The system that moves water from relatively wet Northern California to arid Southern California is like a superhighway that's hundreds of miles long, but is slowed by about 40 miles of dirt roads in the middle of it.
That's how Jeffrey Kightlinger, general manager of the Metropolitan Water District of Southern California, described the state's main water problem during a media tour Monday of the Sacramento-San Joaquin Delta hosted by MWD and state water officials.
The water agency and the Brown administration are touting a multibillion-dollar project to bypass those "dirt roads" by building a set of massive tunnels underneath the Delta, which is — to continue the highway analogy — the equivalent of a giant interchange.
Currently, water meanders through the area, held back by aging levees, to a pumping station at Tracy, where it is channeled through the agriculturally rich San Joaquin Valley to the state's southern metropolises, including San Diego. The pumps are routinely slowed down because of disputes over the health of an endangered fish called the Delta Smelt.
The Delta is the West Coast's largest estuary — a 1,300-square-mile area with waterways, wetlands, islands, orchards, and marinas. The tin-roofed houses, historic mansions, and erector-set-looking drawbridges evoke images of the Louisiana bayous. It's one of my favorite places on Earth.
If you flip a California map on its side (Pacific Coast at the bottom), the Delta is the low-lying area where water gathers after it flows out of the mountains before it drains out the San Francisco Bay. It has long been Ground Zero in the state's water wars. The last battle was a losing attempt in 1982 to build a "peripheral canal" around it.
The tunnel plan is so big it might be visible from space, but it doesn't necessarily promise more water to the south. Instead, the Bay Delta Conservation Plan offers a more predictable water supply by solving the problems that lead to the pump slowdowns.
Supporters say that the tunnels would protect against earthquake risk given that the current levees are poorly engineered and susceptible to devastation. The state can't afford to do nothing, they argue. But there are plenty of opponents.
"It's the best science money can buy," chided Cathy Hemly, of Greene & Hemly farms near Courtland. "I have a sincere distrust about their assumptions." Her farm will be devastated by the plan, which she sees as the death-knell for the area. She and other tunnel foes followed the bus and politely handed out information at tour stops.

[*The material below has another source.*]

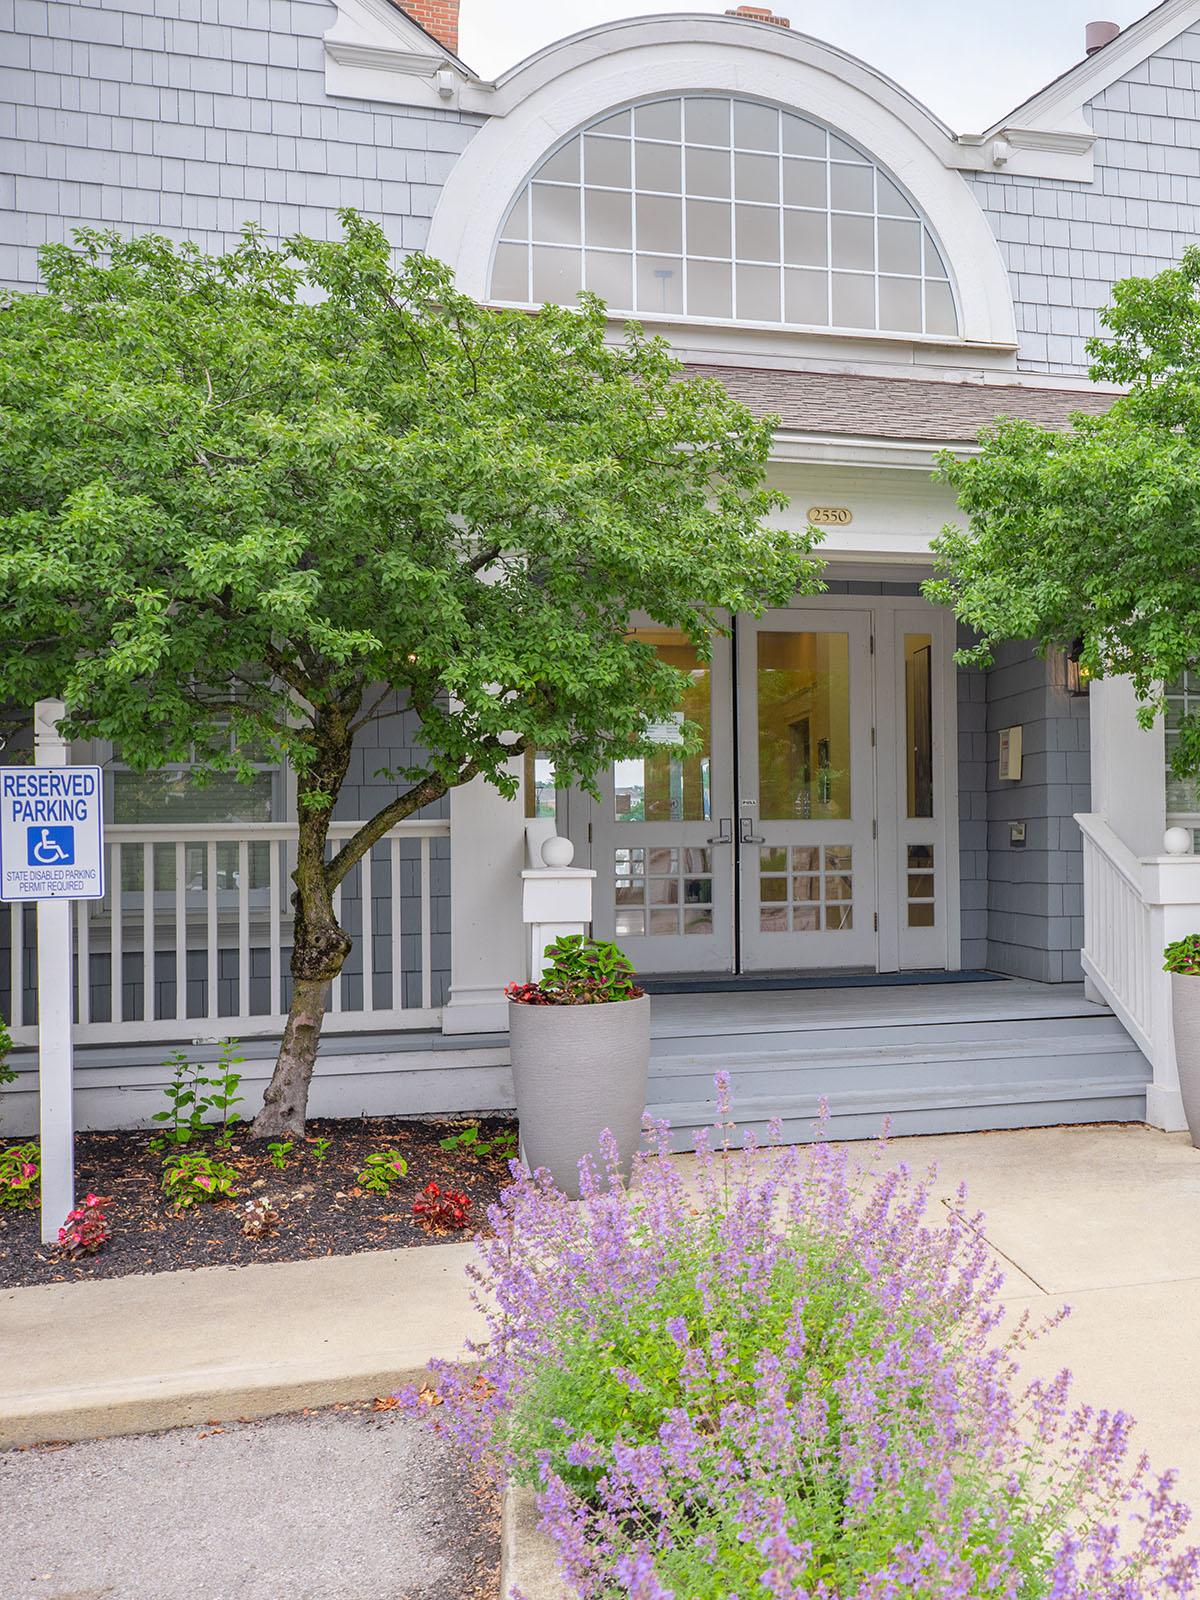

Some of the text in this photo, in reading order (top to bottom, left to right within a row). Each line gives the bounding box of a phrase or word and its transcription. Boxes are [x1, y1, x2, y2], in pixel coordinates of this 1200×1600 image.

These critics say supporters are scaring the public over earthquakes given that the Delta is not particularly earthquake-prone. They want the state to instead invest in a less-costly process of shoring up the levees.
At one stop, California Department of Fish and Wildlife Director Charlton Bonham acknowledged that there's lots of uncertainty about how the plan will evolve. "We in the habitat community have never tried anything this big before."
Uncertainty is a given in huge projects, but locals say they were cut out of the discussions and that they are concerned about a project that treats them, their farms and their towns as a disposable byproduct to advance a greater good.
No one knows what it ultimately will cost, either. State infrastructure projects are notorious for cost overruns. Water users (i.e., ratepayers) would pay for the $14-billion tunnels, but the total $25-billion project depends on a coming water bond and federal funds to pay for habitat restoration.
The first proposed route paid little mind to local concerns. The new route is more sensitive, but still would restore habitat by flooding more than 15 percent of Delta farmland, with eminent domain a possibility for land acquisition.
The tour bus pulled over near Walnut Grove, where officials gathered around a cross channel. Officials seemed oblivious to the historical town up the road — Locke, built in 1915 by descendants of the Chinese immigrants who built the levees.
That was emblematic. In their rush to undertake a big dig, officials are ignoring the region's heritage and its people. The state needs to fix its water problems, but Delta residents aren't the only ones who should worry about the tunnel plan.